Posted by fidest press agency su giovedì, 12 settembre 2013

Non sono validi se il modulo di contestazione non indica se il telelaser era segnalato. Più trasparenza nella redazione dei verbali: in caso contrario la multa è nulla. Lo ripete da anni lo “Sportello dei Diritti” che in tal senso riporta all’attenzione i principi contenuti in un esemplare sentenza la 422/13 del giudice Antonino Fazio del tribunale di Piacenza, che in particolare ha stabilito che il verbale e la decurtazione dei punti sulla patente di guida devono essere annullati se il modulo di contestazione non indica la presenza del cartello che segnala ai conducenti in transito la presenza del famigerato telelaser.

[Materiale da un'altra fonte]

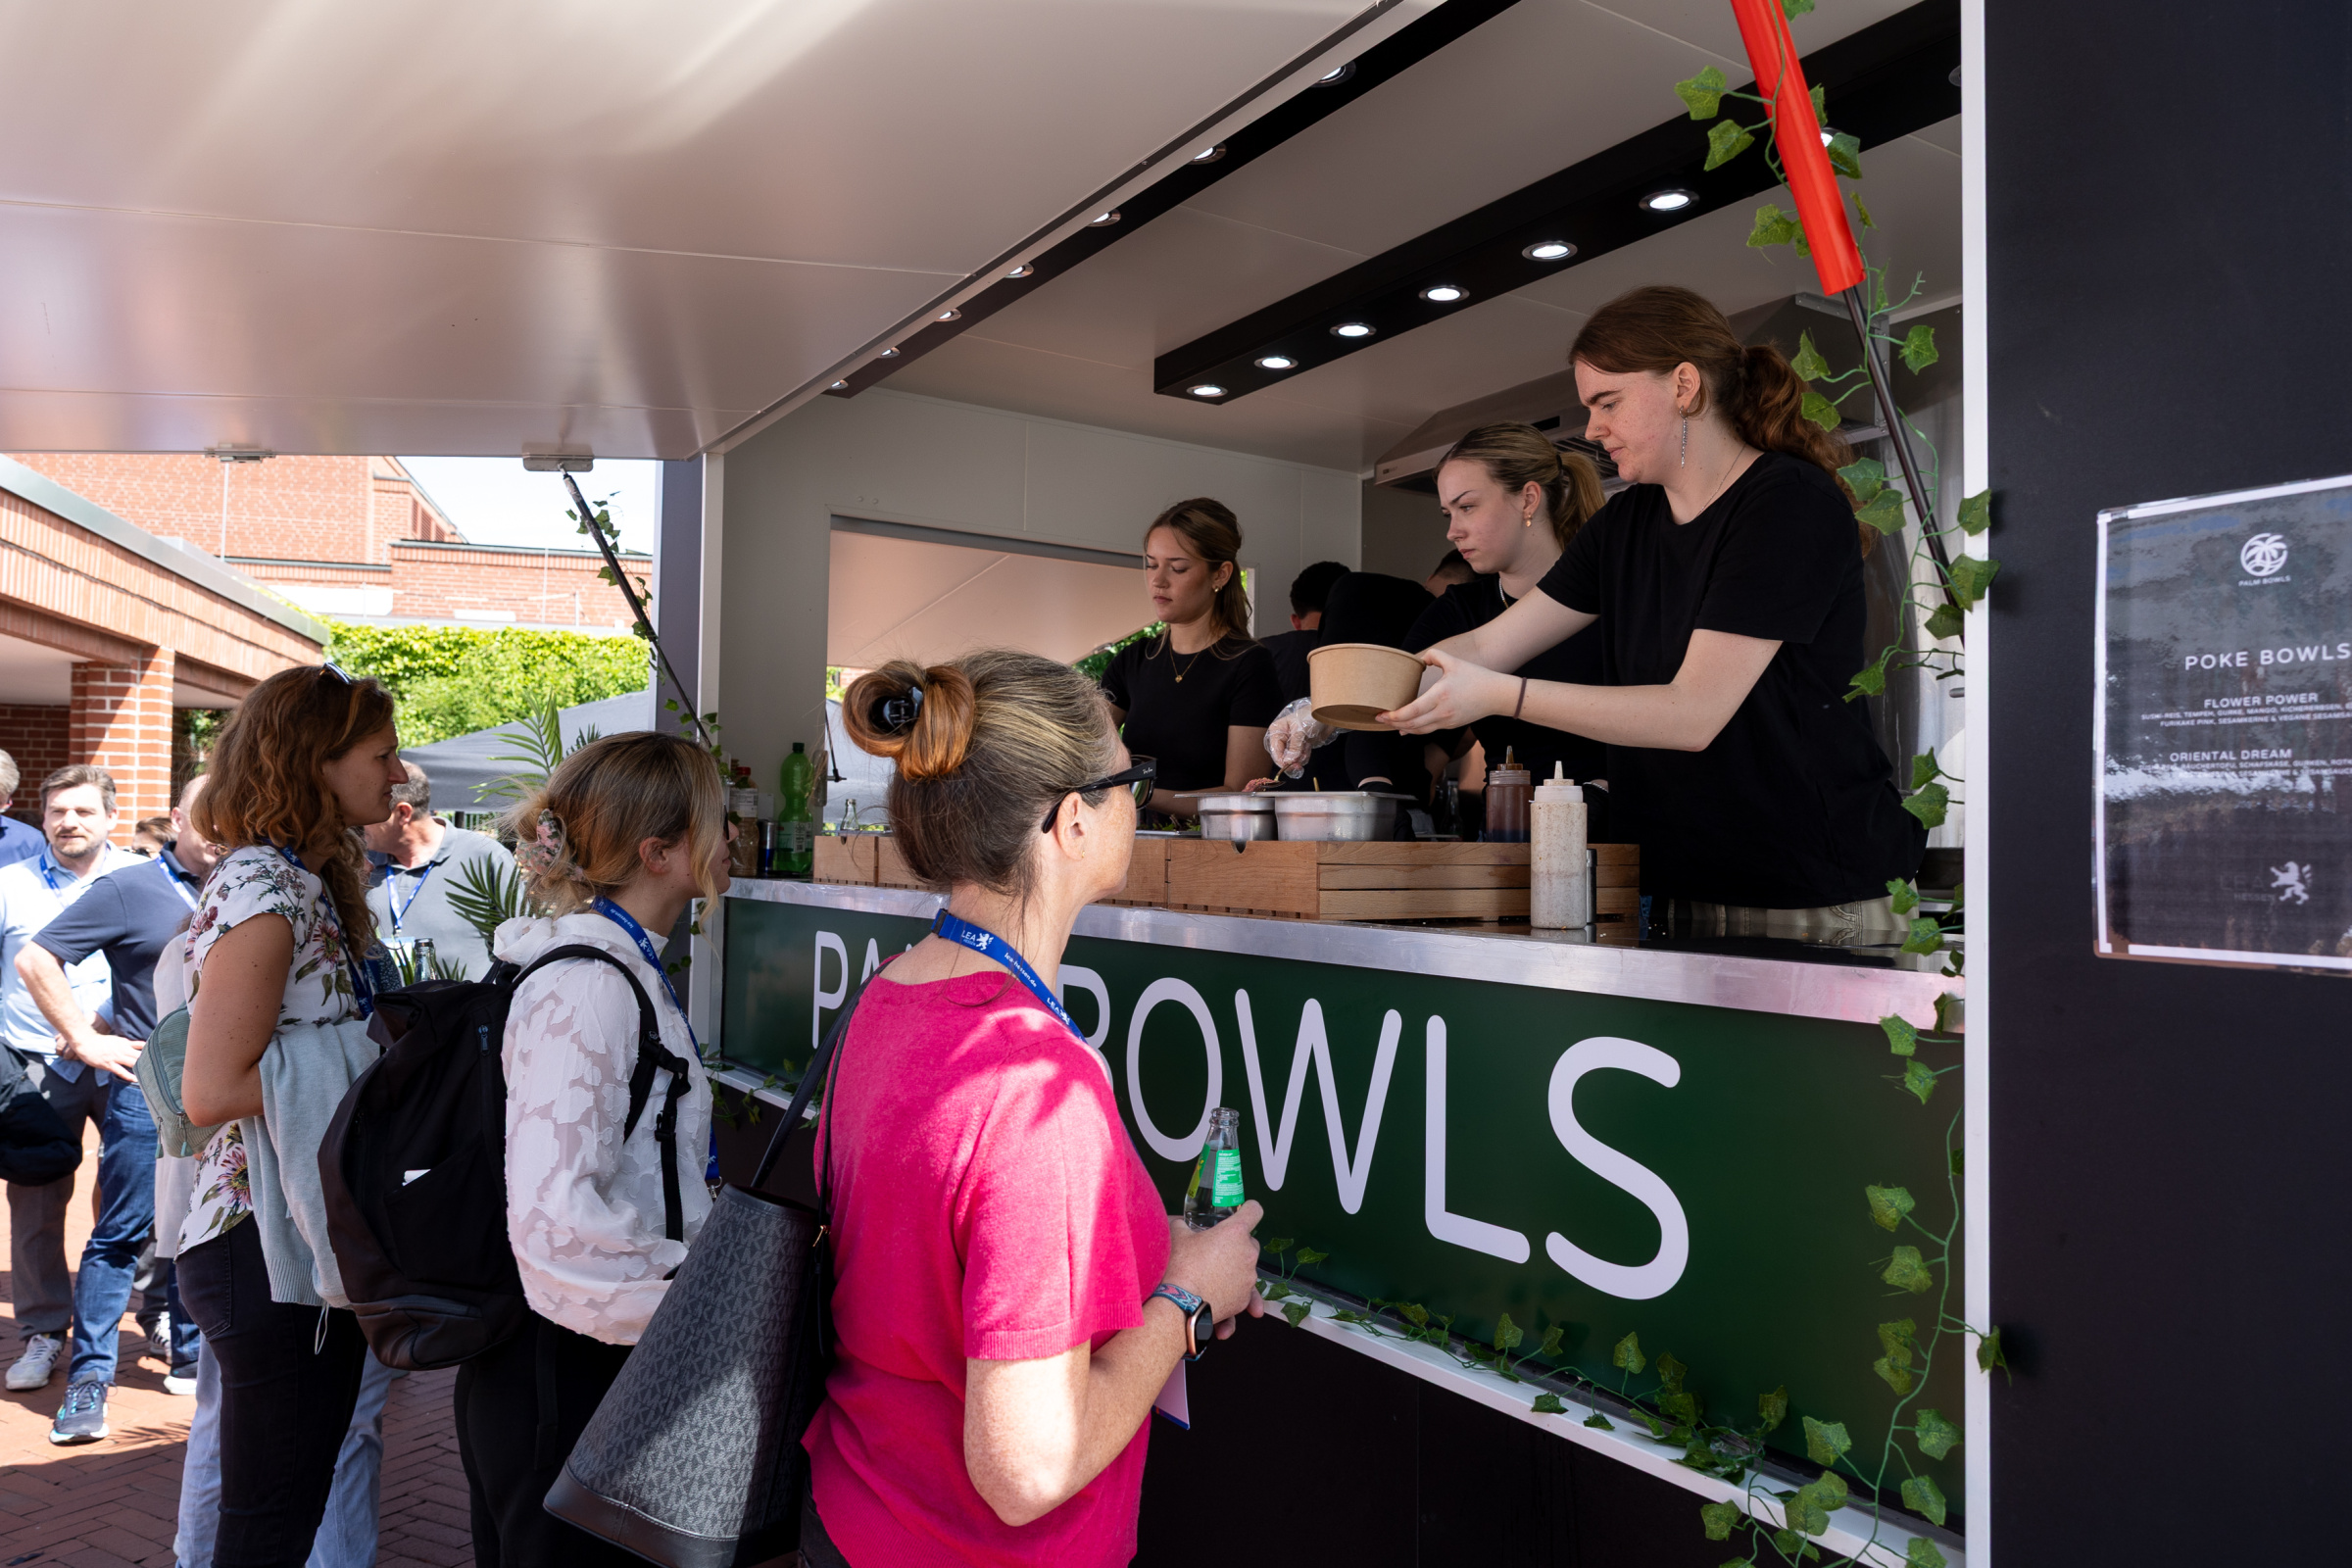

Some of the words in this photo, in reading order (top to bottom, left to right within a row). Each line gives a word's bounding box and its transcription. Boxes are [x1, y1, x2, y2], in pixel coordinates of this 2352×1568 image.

[2262, 575, 2291, 585] BOWLS
[2184, 651, 2248, 670] POKE
[2260, 643, 2352, 665] BOWLS
[2203, 696, 2261, 709] FLOWER
[2266, 692, 2319, 705] POWER
[2169, 751, 2236, 761] ORIENTAL
[2240, 748, 2292, 760] DREAM
[960, 929, 976, 942] LEA

Il giudice togato, sottolinea Giovanni D’Agata, fondatore dello “Sportello dei Diritti”, ha rilevato come l’ente accertatore debba sempre ispirarsi ai principi costituzionali dell’efficienza e dell’imparzialità dell’azione amministrativa e dunque predisporre i prestampati utilizzati dalla polizia municipale in modo che l’obbligo di segnalazione del telelaser o dell’autovelox risulti espressamente rispettato. Nel caso di specie è stato accolto l’appello, con conseguente declaratoria d’invalidità del verbale, ad una sentenza di rigetto del giudice di pace che aveva confermato la validità della contestazione perché il giudice onorario “avrebbe dovuto attenersi alle risultanze dell’atto fidefacente (ndr il verbale), così concludendo per l’assenza sui luoghi dell’apparecchio di rilevamento della velocità”. Dev’essere sottolineato, infatti, che dopo l’entrata in vigore dell’articolo 3 del decreto legge 117/07, che ha modificato il codice della strada, è stato introdotto l’obbligo di segnalazione dell’accertamento delle infrazioni in maniera automatica che ovviamente vale anche per il telelaser e altri apparecchi simili gestiti dalla polizia. Rileva il giudice, che il principio di imparzialità impone all’amministrazione di documentare in qualche modo di aver adempiuto all’incombente di segnalare agli automobilisti la presenza dell’apparecchio: in tal senso si spiega la ragione per cui il modulo di contestazione, anche se prestampato, deve contenere l’indicazione sulla presenza o l’assenza della segnaletica mobile. Ma il giudice di pace, per il giudice dell’appello, aveva commesso un altro errore nell’ammettere la testimonianza dell’ufficiale di polizia che ha elevato la contravvenzione, in quanto il verbale in questione non risulta impugnato con querela di falso e quindi non è contestabile dalla parte, tanto che eventuali prove orali contrarie sono inammissibili. Proprio per tale motivo, quindi, va ritenuta inammissibile la prova orale “integrativa” del vigile urbano che testimonia per suffragare il corretto accertamento dell’infrazione. Non è possibile, infatti, che l’ente, che nel caso di specie è rappresentato dall’Unione dei piccoli Comuni della Bassa Val Trebbia e Val Luretta, si trasformi «in parte privilegiata», “riscontrando una posizione di supremazia solo apparentemente connessa all’esercizio di poteri autoritativi, ma in realtà contraria al corretto esercizio degli stessi; con ciò concedendo una posizione di favor priva di addentellati normativi”.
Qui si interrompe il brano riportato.